Of the extraordinary events on world financial markets in
the past fortnight, there's one that should make you sit up and
take notice: a huge play by billionaire investor Warren
Buffett.
Until now America's second richest man after Bill Gates has been
content to sit on the sidelines and issue the occasional dire
prediction for the financial system, only last week describing the
situation as "an economic Pearl Harbour" in reference to the
surprise attack by Japan in World War II.
But on Wednesday the man revered as the world's best investor
sank $6 billion into beleaguered US investment bank Goldman Sachs,
which along with Morgan Stanley was one of the surviving two on
Wall Street (both have now converted to commercial banks so they
can raise money from deposits).
In response, our market - despite a negative lead from the US -
rose 1.2 per cent as investors followed his lead and piled into
financial stocks.
So what makes one, albeit large, investment on the other side of
the world so influential? Quite simply that it was made by Buffett.

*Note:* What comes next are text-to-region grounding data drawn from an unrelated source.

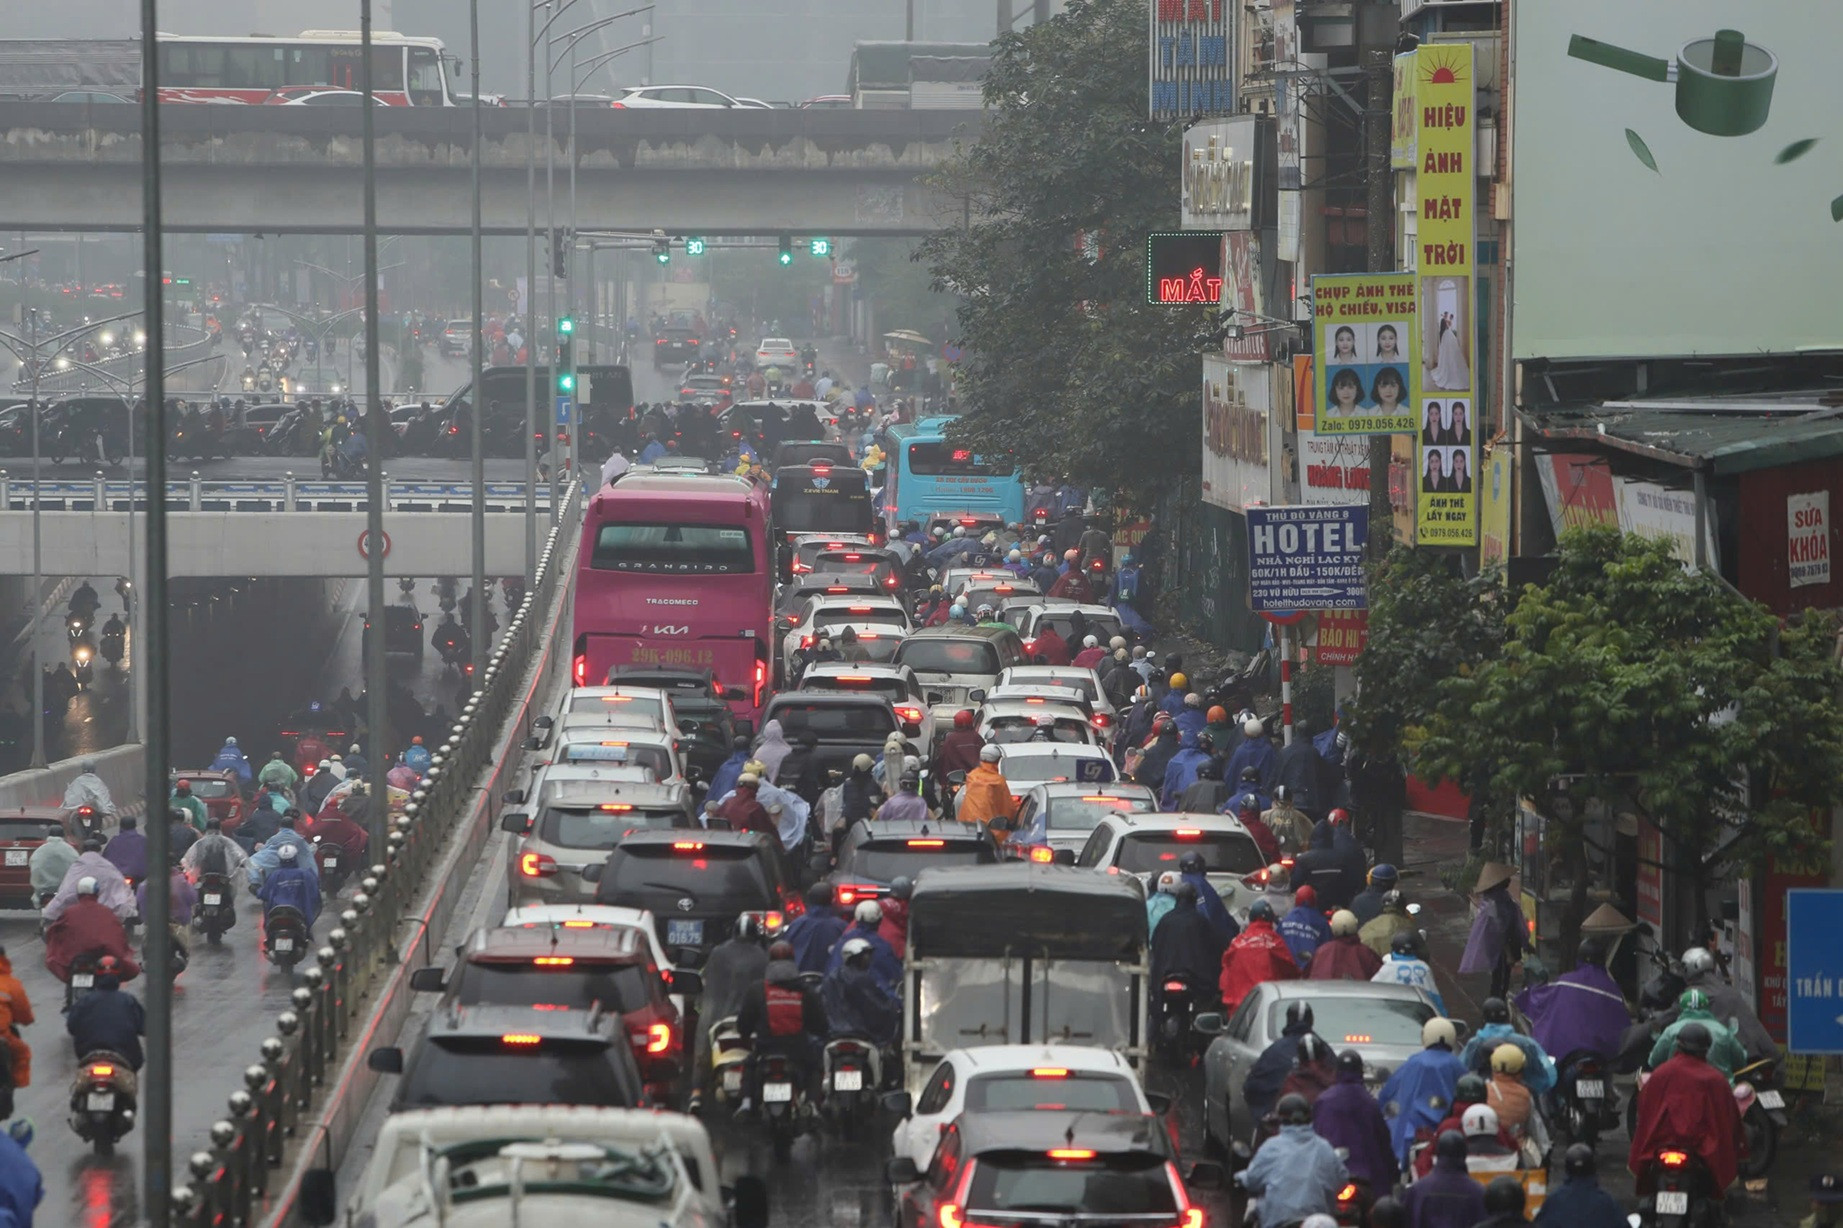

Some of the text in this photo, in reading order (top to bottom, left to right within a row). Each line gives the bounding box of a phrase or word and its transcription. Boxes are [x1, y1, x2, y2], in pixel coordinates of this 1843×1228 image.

[1160, 28, 1226, 68] TÂM
[1151, 79, 1233, 113] MINH
[1424, 103, 1466, 131] HIỆU
[1424, 148, 1462, 174] ẢNH
[1424, 195, 1462, 223] MẶT
[687, 241, 703, 254] 30
[812, 241, 828, 254] 30
[1424, 240, 1465, 265] TRỜI
[1161, 267, 1222, 301] MẮT
[1315, 282, 1414, 300] CHỤP ẢNH THẺ
[1315, 299, 1416, 318] HỘ CHIẾU, VISA
[1321, 418, 1415, 431] Zalo: 0979.056.426
[1430, 496, 1465, 508] ẢNH THẺ
[1266, 510, 1287, 520] THỦ
[1291, 510, 1305, 520] ĐÔ
[1309, 510, 1339, 520] VÀNG
[1427, 509, 1466, 521] LẤY NGAY
[1795, 501, 1823, 529] SỬA
[1254, 522, 1361, 554] HOTEL
[1790, 530, 1827, 563] KHÓA
[618, 562, 728, 571] GRANBIRD
[1252, 567, 1287, 578] 60K/1H
[1252, 589, 1267, 597] 230
[654, 625, 689, 635] KIA
[1320, 622, 1343, 648] BẢO
[1321, 651, 1346, 661] CHÍNH
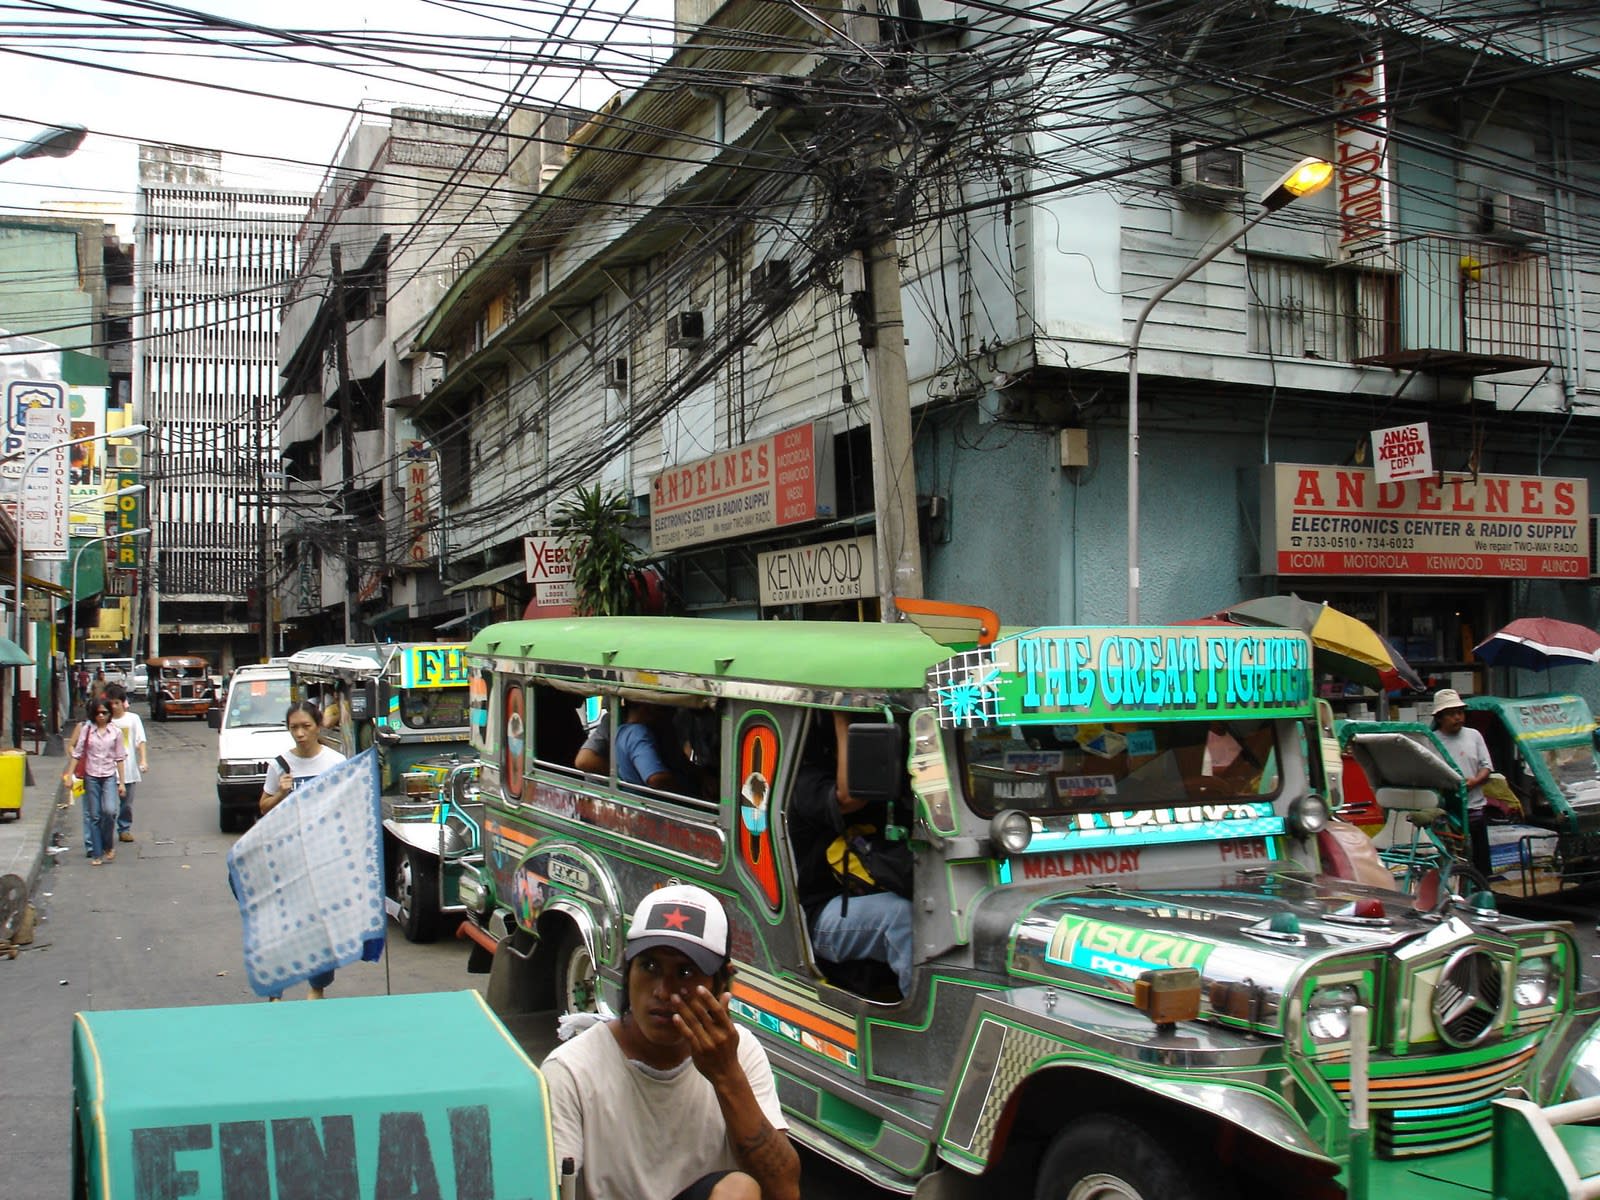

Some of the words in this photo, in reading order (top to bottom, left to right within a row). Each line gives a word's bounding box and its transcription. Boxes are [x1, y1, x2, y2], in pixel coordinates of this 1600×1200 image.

[1378, 441, 1424, 460] XEROX
[1383, 427, 1418, 445] ANA'S
[655, 444, 769, 506] ANDELNES
[1391, 456, 1415, 470] COPY
[1294, 470, 1575, 516] ANDELNES
[54, 488, 63, 547] LIGHTING
[655, 510, 691, 531] ELECTRONICS
[693, 505, 715, 522] CENTER
[717, 503, 722, 517] &
[723, 499, 742, 514] RADIO
[745, 490, 770, 510] SUPPLY
[1292, 517, 1398, 534] ELECTRONICS
[1405, 521, 1459, 536] CENTER
[1466, 523, 1475, 537] &
[1480, 523, 1522, 538] RADIO
[1527, 525, 1576, 540] SUPPLY
[1307, 536, 1356, 548] 733-0510
[1367, 537, 1414, 549] 734-6023
[1475, 540, 1487, 550] We
[1489, 541, 1512, 553] repair
[1514, 541, 1552, 552] TWO-WAY
[1554, 543, 1578, 553] RADIO
[766, 543, 862, 590] KENWOOD
[1290, 554, 1325, 568] ICOM
[1344, 555, 1409, 569] MOTOROLA
[1427, 556, 1483, 570] KENWOOD
[1499, 558, 1527, 571] YAESU
[1541, 559, 1578, 573] ALINCO
[772, 583, 859, 601] COMMUNICATIONS
[1018, 637, 1096, 708] THE
[1100, 636, 1200, 706] GREAT
[1023, 849, 1141, 879] MALANDAY
[1218, 840, 1266, 862] PIER
[1081, 921, 1199, 967] ISUZU
[131, 1104, 522, 1200] FINAL

The man's investment prowess is nothing short of legendary. The
Berkshire Hathaway fund that Buffett runs has made a compound
annual return of 25 per cent over the past 30 years, roughly double
that of the S&P 500. A single share will set you back more than
$US133,000 ($160,000).
He has managed this phenomenal return by investing in a
succession of unsexy businesses - think insurance, banks and trains
- in line with perhaps his most quoted investment axiom: don't
invest in something you don't understand. Which is why he also
famously avoided the dotcom bubble. His predilection for the
pedestrian saw him miss the boom - and subsequent bust. He was
heard to say at the time he couldn't understand how companies with
no earnings and no assets could be worth small fortunes. Not for
long.
Buffett has seen his reputation for divination rise a further
notch courtesy of the current crisis. Since 2002 he has been
warning about the dangers of excessive gearing and derivatives -
the "financial equivalent of weapons of mass destruction" - which
hedge funds have used to target highly leveraged companies and
drive down share prices. So it's not just Buffett's successes, but
also his ability to avoid failure that makes people take
notice.
The 77-year-old, who is worth an estimated $40 billion,
essentially looks for quality, well-managed companies that are
undervalued by the market. And he is prepared to wait. Probably one
of his most ignored mantras is: "Don't get rich quick."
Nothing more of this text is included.